IN LOVING MEMORY OF

Helen Mayer

Helen Mayer Harrison Profile Photo

Harrison

July 1, 1927 – March 24, 2018

Obituary

Helen Mayer Harrison, artist, educator, activist, and mentor to generations of artists and activists passed away peacefully in her home in Santa Cruz, CA on March 24, 2018, after a long battle with Alzheimer's disease, surrounded by her family and loving husband of almost 65 years.

Helen's long and productive career followed an unlikely path that reflected and eventually integrated her many interests. She was born on July 1, 1927 in Queens, New York and graduated from Forest Hills High School. A gifted student, Helen was awarded a full scholarship to Cornell University, studying psychology for two years before deciding ultimately to attend Queens College where she completed a Bachelor of Arts degree in English. From there she earned a masters degree in Philosophy of Education from New York University (NYU), and began her teaching career during the 1940s in the New York public school system. Helen would eventually pursue doctorates in both the philosophy of Education at NYU and in Clinical Psychology at SDIU.

In the early 1950s, she met, fell in love and married a young artist, Newton Harrison.
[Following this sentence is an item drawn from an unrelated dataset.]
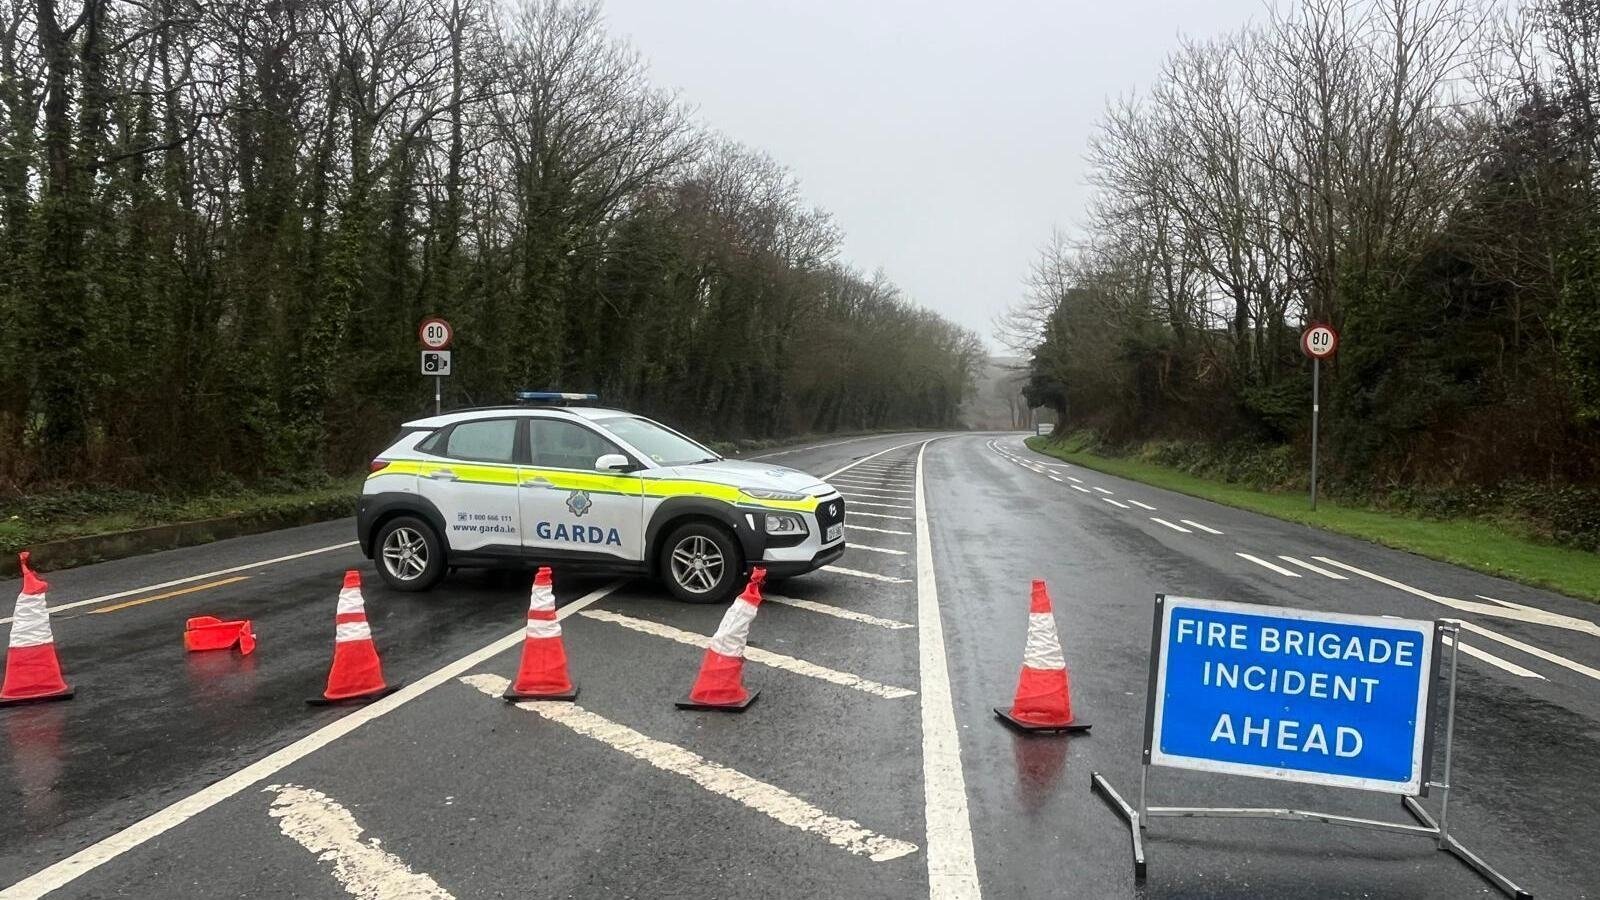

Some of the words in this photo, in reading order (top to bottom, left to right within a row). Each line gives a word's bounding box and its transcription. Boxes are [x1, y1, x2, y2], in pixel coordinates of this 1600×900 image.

After moving to Florence in the 1950s with Newton and 2 young children, she co-founded a Montessori school, working closely with Mario Montessori, Maria's nephew. Moving back to the Lower East Side of New York in the early 1960s with a family that now included 4 children and a well-traveled German shepherd, she threw herself into a cultural scene that merged the art world, the folk music world and the peace movement. She hosted concerts and Hootenannies to raise funds for the civil rights movement and other causes, befriending musicians ranging from the Clancy Brothers to Archie Shepp. She founded the Tompkins Square Peace Center. The group she helped put together included Dorothy Day of the Catholic Worker, Dave McReynolds of the War Resisters League, Judith Malina and Julian Beck of the Living Theater, David Dellinger of the Pacifist Anarchist Group, and Robert Gilmore from the American Friends Service Committee. She also served as the first New York coordinator for the Women's Strike for Peace, a major force in the anti-war movement and a critical organization behind the 1964 Nuclear Test Ban treaty.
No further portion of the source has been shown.